Evans v. State

Decision Date24 December 2013
Docket NumberNo. 4–12–1082.,4–12–1082.
Citation13 N.E.3d 752
PartiesPeggy J. EVANS, By and Through Joanne DURBIN, Her Agent, Plaintiff–Appellant, v. The STATE of Illinois, Acting Through the DEPARTMENT OF HUMAN SERVICES and Michelle R.B. Saddler, Its Secretary; and the Department of Healthcare and Family Services and Julie Hamos, Its Director, Defendants–Appellees.
CourtUnited States Appellate Court of Illinois

Duane D. Young (argued), of LaBarre, Young & Behnke, of Springfield, for appellant.

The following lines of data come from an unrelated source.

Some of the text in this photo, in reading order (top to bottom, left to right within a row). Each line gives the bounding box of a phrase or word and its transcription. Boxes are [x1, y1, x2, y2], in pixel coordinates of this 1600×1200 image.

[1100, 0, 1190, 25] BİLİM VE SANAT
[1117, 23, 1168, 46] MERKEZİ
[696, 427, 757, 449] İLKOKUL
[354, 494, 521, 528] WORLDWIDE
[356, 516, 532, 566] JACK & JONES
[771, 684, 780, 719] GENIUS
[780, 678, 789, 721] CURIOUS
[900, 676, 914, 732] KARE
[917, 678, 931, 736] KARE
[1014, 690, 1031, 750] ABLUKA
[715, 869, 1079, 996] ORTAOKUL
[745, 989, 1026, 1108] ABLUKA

Lisa Madigan, Attorney General, of Chicago (Michael A. Scodro, Solicitor General, and Carl J. Elitz (argued), Assistant Attorney General, of counsel), for appellees.

OPINION

Justice POPE delivered the judgment of the court, with opinion.

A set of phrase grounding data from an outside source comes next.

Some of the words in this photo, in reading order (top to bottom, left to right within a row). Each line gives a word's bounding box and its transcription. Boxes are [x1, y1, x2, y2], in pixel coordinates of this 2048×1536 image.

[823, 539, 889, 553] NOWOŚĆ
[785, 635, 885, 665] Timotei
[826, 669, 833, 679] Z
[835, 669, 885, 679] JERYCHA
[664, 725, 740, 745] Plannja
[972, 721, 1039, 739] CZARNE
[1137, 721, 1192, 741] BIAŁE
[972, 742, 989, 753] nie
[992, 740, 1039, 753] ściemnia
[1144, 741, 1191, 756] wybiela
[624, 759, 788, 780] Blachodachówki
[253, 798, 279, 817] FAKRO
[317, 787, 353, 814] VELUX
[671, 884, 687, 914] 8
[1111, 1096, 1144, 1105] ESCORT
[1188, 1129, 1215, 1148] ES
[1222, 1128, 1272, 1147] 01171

¶ 1 In December 2008, defendants, the Department of Healthcare and Family Services (HFS) and the Department of Human Services (DHS) (collectively, the Departments) granted plaintiff, Peggy J. Evans', application for Medicaid assistance but imposed penalty periods of noneligibility, citing certain nonallowable asset transfers.

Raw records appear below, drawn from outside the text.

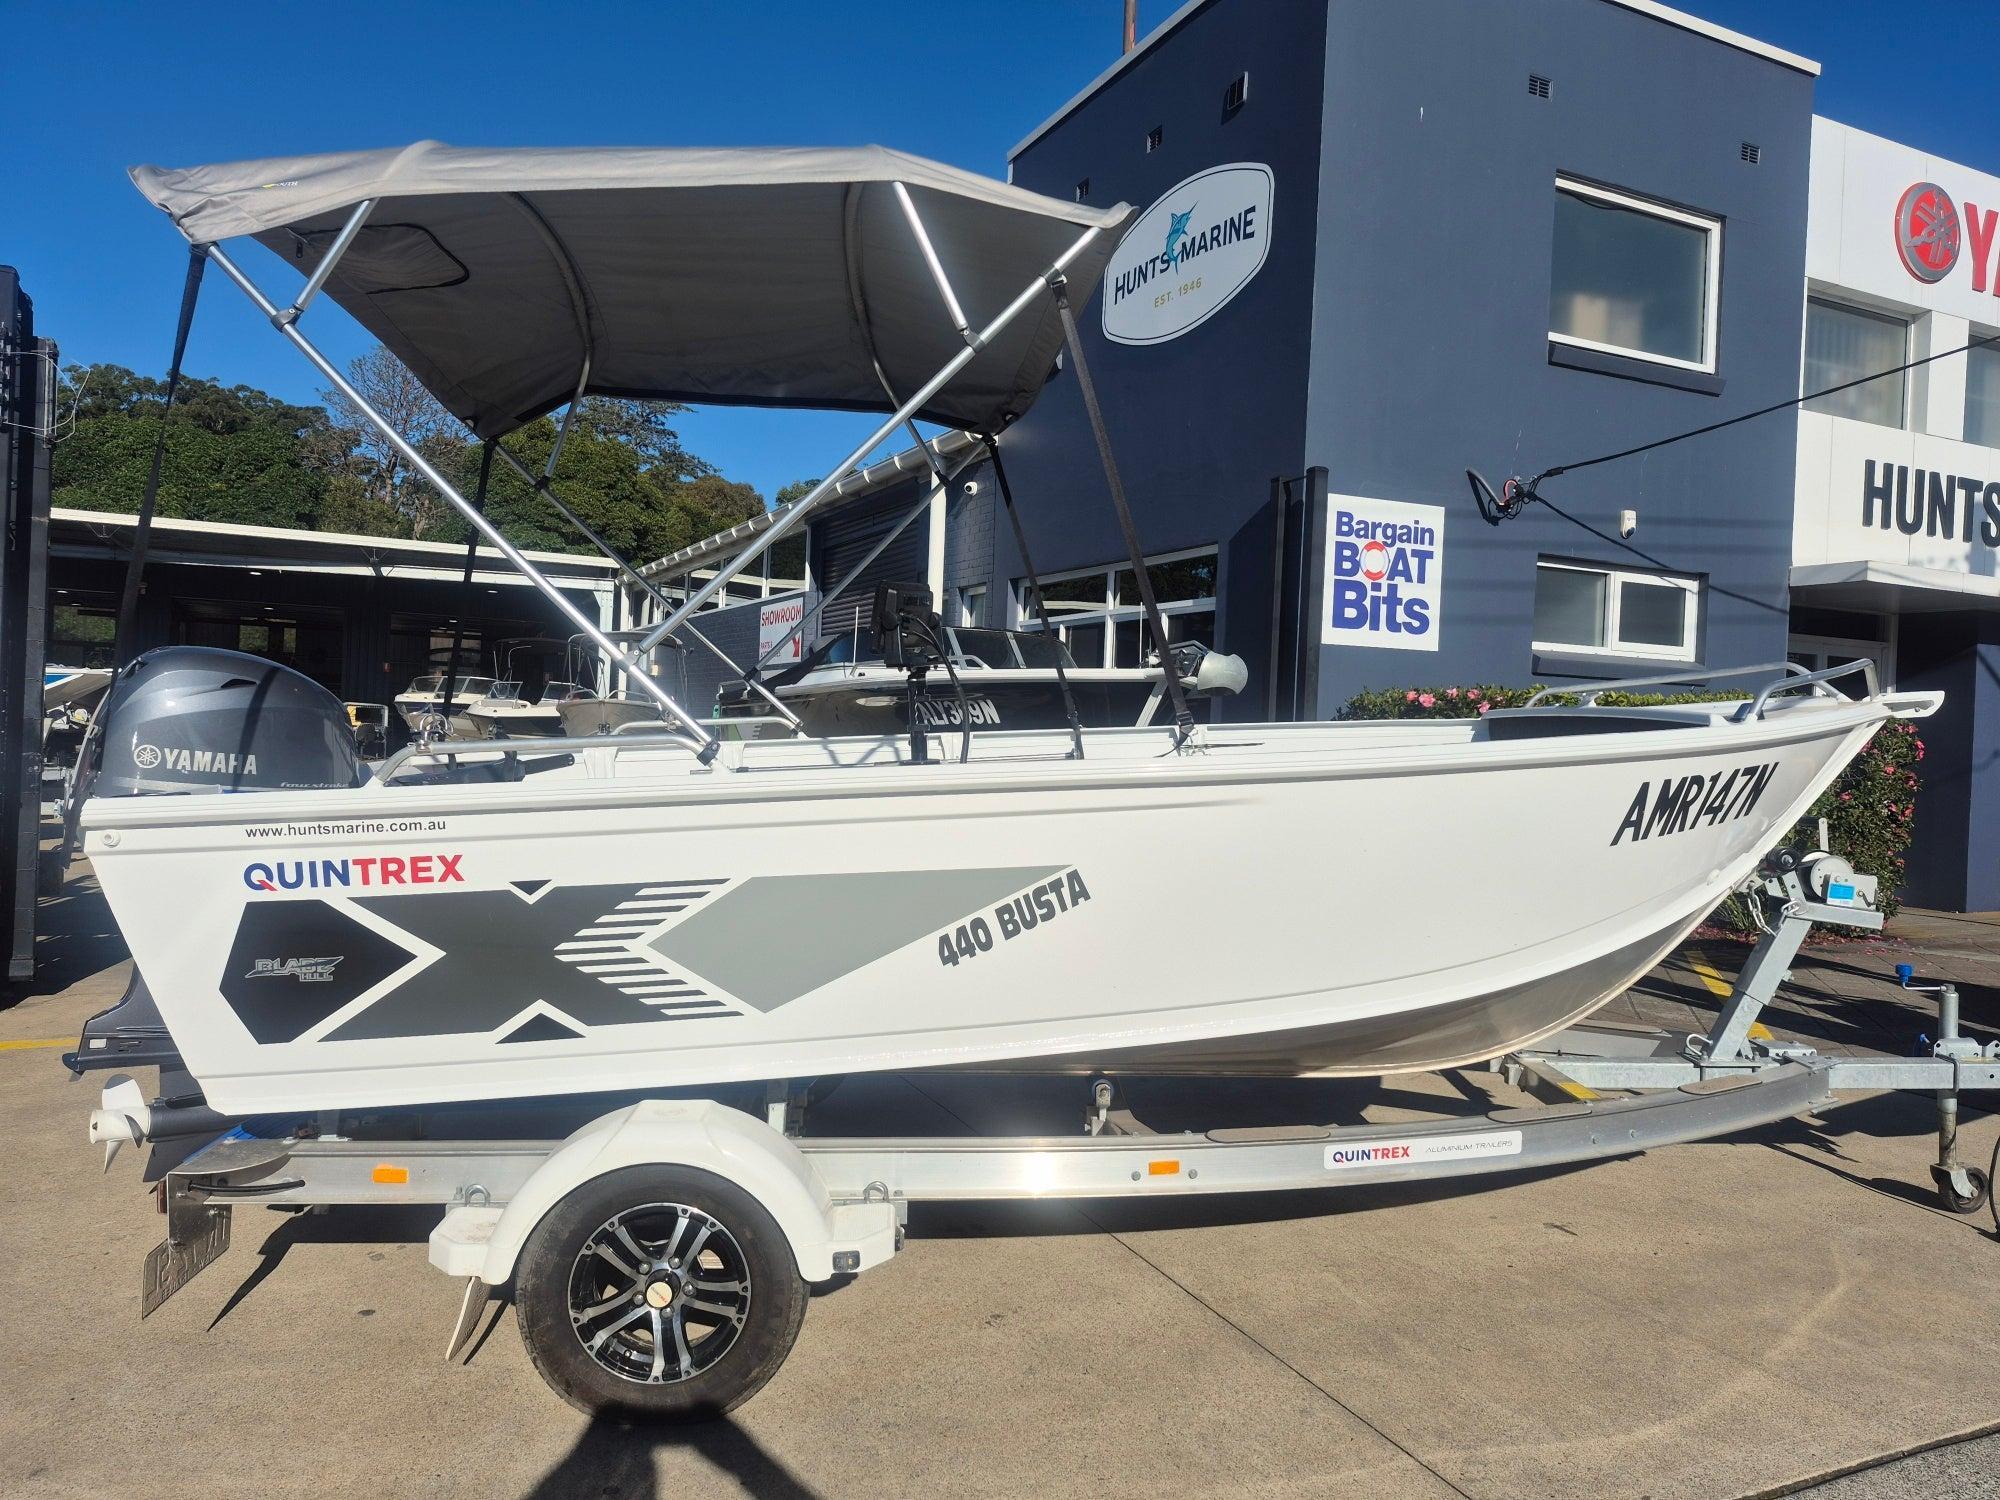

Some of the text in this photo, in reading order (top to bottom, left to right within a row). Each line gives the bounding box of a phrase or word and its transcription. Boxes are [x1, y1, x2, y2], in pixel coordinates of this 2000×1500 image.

[1114, 205, 1256, 305] HUNTS MARINE
[1963, 201, 2000, 298] Y
[1154, 276, 1202, 308] EST. 1946
[1862, 459, 2000, 548] HUNTS
[1335, 510, 1435, 547] Bargain
[1334, 540, 1434, 584] BOAT
[761, 604, 802, 627] SHOWROOM
[1332, 578, 1430, 635] Bits
[164, 748, 257, 775] YAMAHA
[1610, 761, 1780, 847] AMR147N
[245, 820, 447, 838] www.huntsmarine.com.au
[243, 854, 465, 892] QUINTREX
[937, 868, 1091, 967] 440 BUSTA
[1333, 1140, 1513, 1163] QUINTREX ALUMINIUM TRAILERS

¶ 2 Evans sought administrative review, and the circuit court affirmed. Evans appeals, arguing the Departments erred in (1) using Evans' long-term-care private-pay rate as of the date of her Medicaid application in calculating a one-month penalty period and (2) imposing a three-month penalty period where she created an exempt burial contract. We affirm.

¶ 3 I. BACKGROUND

¶ 4 On April 3, 2008, Evans, a resident of a long-term health care facility, filed for Medicaid assistance. At the time of her application, the private-pay rate at the facility was $120 per day ($3,600 per month).

¶ 5 On August 25, 2008, Evans purchased a life insurance policy from Funeral Director's Life Insurance Company for $12,000. That same day, the proceeds of the policy were assigned to create an irrevocable trust. The trust named plaintiff's three children, including her daughter, Joanne Durbin, Evans' power of attorney, as the residual beneficiaries. The terms of the trust are not in dispute. Article 9 of the trust requires the trustee to pay the funeral and burial expenses incurred provided evidence of those expenses is presented to the trustee within 45 days of Evans' death. Under the terms of the trust, the trustee may not pay any expenses after 45 days of Evans' death. Article 4, paragraph B, of the trust provides “any remaining assets shall be distributed to the residual beneficiary,” i.e., Evans' children.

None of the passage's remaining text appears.